SOME months ago, in a newspaper which announced the publication of the "Matilda Ziegler Magazine for the Blind," appeared the following paragraph:

"Many poems and stories must be omitted because they deal with sight. Allusion to moonbeams, rainbows, starlight, clouds, and beautiful scenery may not be printed, because they serve to emphasize the blind man's sense of his affliction."

That is to say, I may not talk about beautiful mansions and gardens because I am poor. I may not read about Paris and the West Indies because I cannot visit them in their territorial reality. I may not dream of heaven because it is possible that I may never go there. Yet a venturesome spirit impels me to use words of sight and sound whose meaning I can guess only from analogy and fancy. This hazardous game is half the delight, the frolic, of daily life. I glow as I read of splendours which the eye alone can survey. Allusions to moonbeams and clouds do not emphasize the sense of my affliction: they carry my soul beyond affliction's narrow actuality.

Critics delight to tell us what we cannot do. They assume that blindness and deafness sever us completely from the things which the seeing and the hearing enjoy, and hence they assert we have no moral right to talk about beauty, the skies, mountains, the song of birds, and colours. They declare that the very sensations we have from the sense of touch are "vicarious," as though our friends felt the sun for us! They deny a priori what they have not seen and I have felt. Some brave doubters have gone so far even as to deny my existence. In order, therefore, that I may know that I exist, I resort to Descartes's method: "I think, therefore I am." Thus I am metaphysically established, and I throw upon the doubters the burden of proving my non-existence. When we consider how little has been found out about the mind, is it not amazing that any one should presume to define what one can know or cannot know? I admit that there are innumerable marvels in the visible universe unguessed by me. Likewise, O confident critic, there are a myriad sensations perceived by me of which you do not dream.

Necessity gives to the eye a precious power of seeing, and in the same way it gives a precious power of feeling to the whole body. Sometimes it seems as if the very substance of my flesh were so many eyes looking out at will upon a world new created every day. The silence and darkness which are said to shut me in, open my door most hospitably to countless sensations that distract, inform, admonish, and amuse. With my three trusty guides, touch, smell, and taste, I make many excursions into the borderland of experience which is in sight of the city of Light. Nature accommodates itself to every man's necessity. If the eye is maimed, so that it does not see the beauteous face of day, the touch becomes more poignant and discriminating. Nature proceeds through practice to strengthen and augment the remaining senses. For this reason the blind often hear with greater ease and distinctness than other people. The sense of smell becomes almost a new faculty to penetrate the tangle and vagueness of things. Thus, according to an immutable law, the senses assist and reinforce one another.

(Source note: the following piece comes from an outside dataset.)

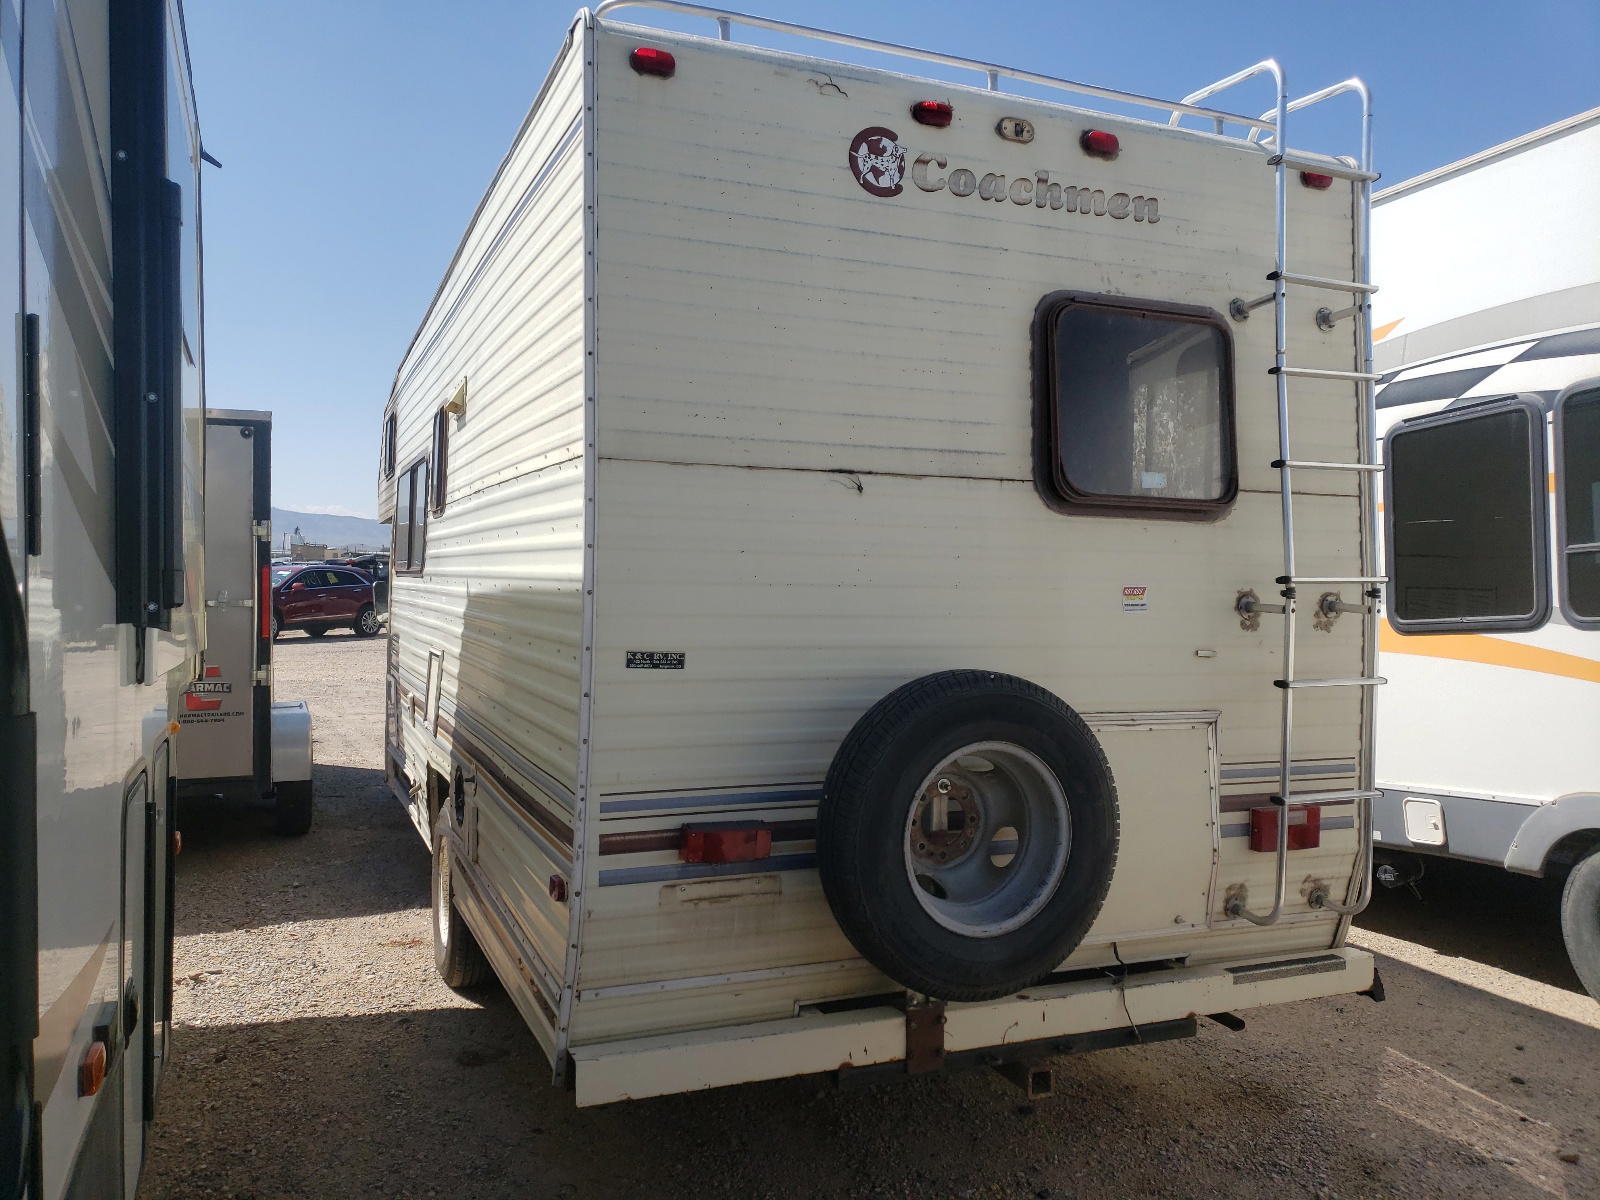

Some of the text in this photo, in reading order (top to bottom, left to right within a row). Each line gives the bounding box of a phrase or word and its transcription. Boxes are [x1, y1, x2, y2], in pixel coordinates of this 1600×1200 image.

It is not for me to say whether we see best with the hand or the eye. I only know that the world I see with my fingers is alive, ruddy, and satisfying. Touch brings the blind many sweet certainties which our more fortunate fellows miss, because their sense of touch is uncultivated. When they look at things, they put their hands in their pockets. No doubt that is one reason why their knowledge is often so vague, inaccurate, and useless. It is probable, too, that our knowledge of phenomena beyond the reach of the hand is equally imperfect. But, at all events, we behold them through a golden mist of fantasy.

There is nothing, however, misty or uncertain about what we can touch. Through the sense of touch I know the faces of friends, the illimitable variety of straight and curved lines, all surfaces, the exuberance of the soil, the delicate shapes of flowers, the noble forms of trees, and the range of mighty winds. Besides objects, surfaces, and atmospherical changes, I perceive countless vibrations. I derive much knowledge of everyday matter from the jars and jolts which are to be felt everywhere in the house.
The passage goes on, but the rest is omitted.